Read our impressions and watch new gameplay from Capcom’s expansion

Monster Hunter Rise: Sunbreak brings epic battles and freshens them up with new locations

A few weeks ago we got the chance to go to Capcom and check out two of the new battles in Monster Hunter Rise: Sunbreak. We were dropped in with a late-game character and given our pick between Lunagaron and Seregios as our two main targets.

After gearing up and heading out to the new environments, it wasn’t long before we were struck with the same itch that had us pouring hundreds of hours into the first game, running the hunts over and over. 

Our first hunt was against Lunagaron, a huge, stalking beast which roamed around haunted lands that were bathed in a deep purple. It’s a great colour palette for a Monter Hunter environment, but at no point did it feel like it was running together or difficult to parse. It was the exact mix of visually interesting and open that we were looking for. 

Monster Hunter hunts are almost like matches in a fighting game and as such, you don’t want the background getting in your way when you’re concentrating on dodging, especially on the higher difficulty settings. Speaking of dodging, that’s something we found ourselves having to retrain ourselves on because Lunagaron hits extremely hard.

Obviously, these missions can be scaled, or played with other players, but for the hunt against Lunagaron we were flying solo, and when I say flying I mean being sent flying back into the wall by a barrage of attacks. 

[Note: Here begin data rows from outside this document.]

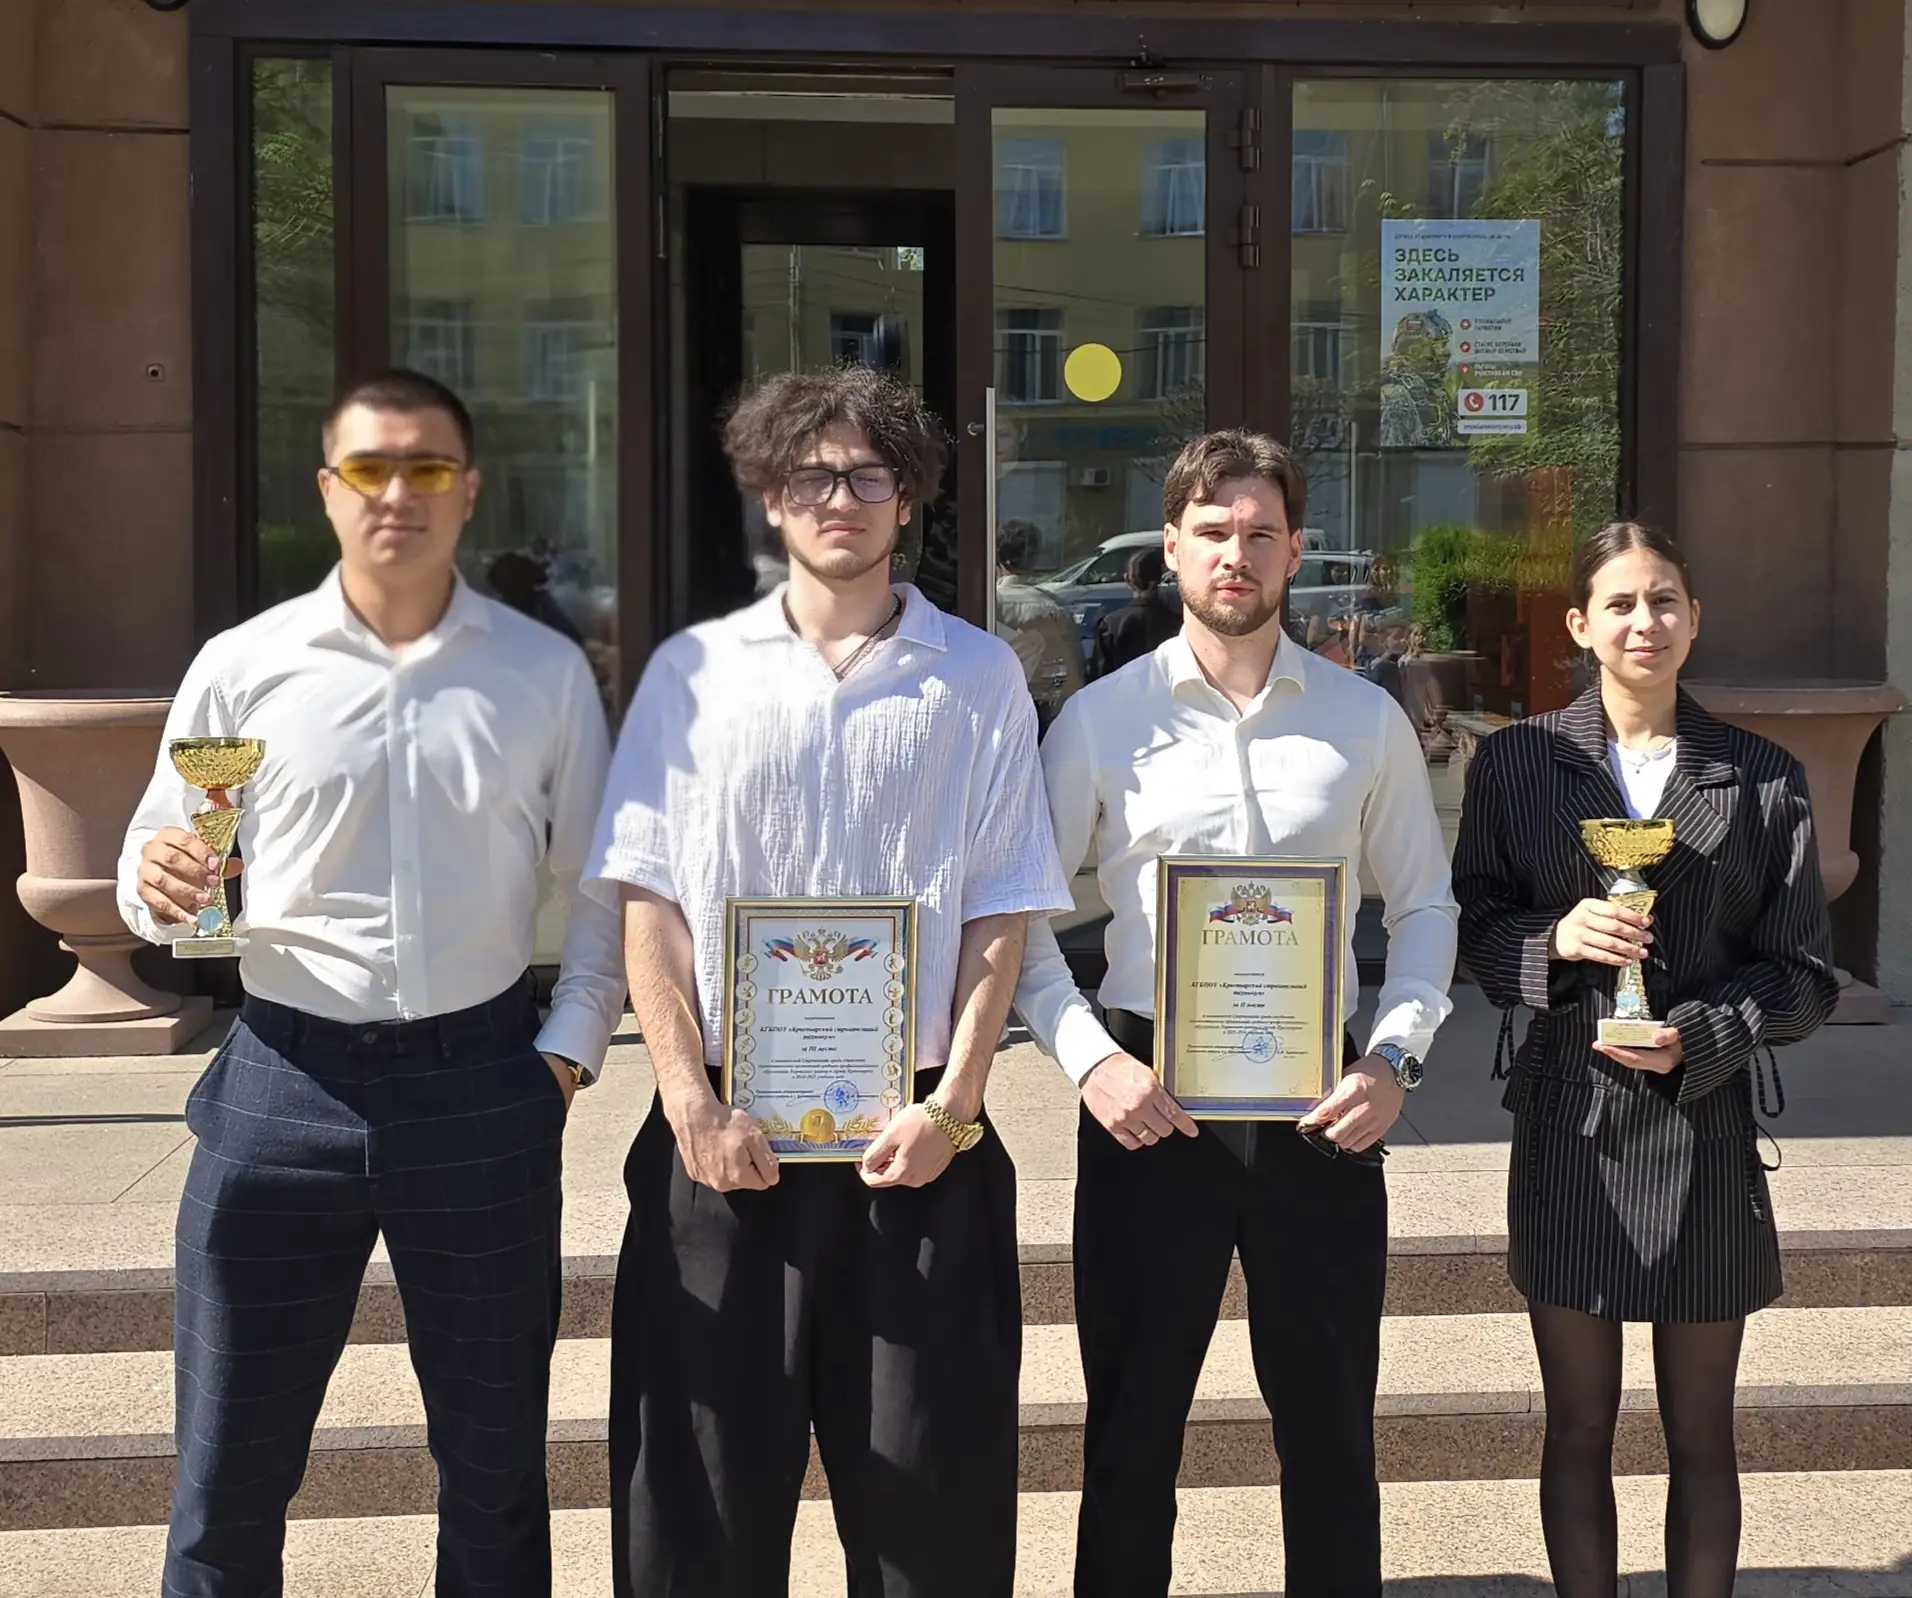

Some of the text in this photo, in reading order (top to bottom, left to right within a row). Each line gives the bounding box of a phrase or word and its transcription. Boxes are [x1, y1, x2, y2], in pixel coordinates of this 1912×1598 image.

[1395, 248, 1459, 265] ЗДЕСЬ
[1395, 268, 1524, 282] ЗАКАЛЯЕТСЯ
[1395, 287, 1495, 301] ХАРАКТЕР
[1488, 394, 1520, 411] 117
[1201, 929, 1299, 946] ГРАМОТА
[767, 988, 873, 1005] ГРАМОТА

Our preview was on the Nintendo Switch and with that comes the usual caveats. No, it doesn’t look as good as the PC version, obviously, and yes, it’s a was a bit visually unstable, which could be down to the nature of the preview code, but also, you know what you’re getting here, the Nintendo Switch power-wise is in dead-last, but that doesn’t mean that Sunbreak looks bad.

 

In fact, from an art perspective, it totally makes up for the Switch’s lack of power with a really strong art direction. There’s nothing in it that’s going to make you say “I can’t believe this is on Switch”, but you’ll certainly get distracted a few times during your hunts by the scenery. 

Our second hunt, which featured an AI co-op partner, took place in a cliffside environment that was full of caves and secret areas to explore. At the bottom of the area, a vast desert hid our second target, Seregios. 

One of my favourite parts of Monster Hunter is chasing after the monster for a long time only to find them absolutely battering another critter that’s in the area. This second mission was full of this, with the secondary monsters practically forming a queue to take out our target.

You’d think this would make the job easier, but the sheer amount of health the target had meant that even with the Young Team of lesser Monsters on our side, it was still a nightmare. It was a bit like that segment in every Royal Rumble where all the wrestlers team up on The Big Show only to be thrown out one by one. 

The Sunbreak expansion is out soon and we’re excited to get back into our monster-hunting grove. Any excuse to revisit this great game is a welcome one, and the army of new beasts on show, and some exciting returning favourites that we can’t mention, make it very unlikely to disappoint fans, although it will kill them, a lot.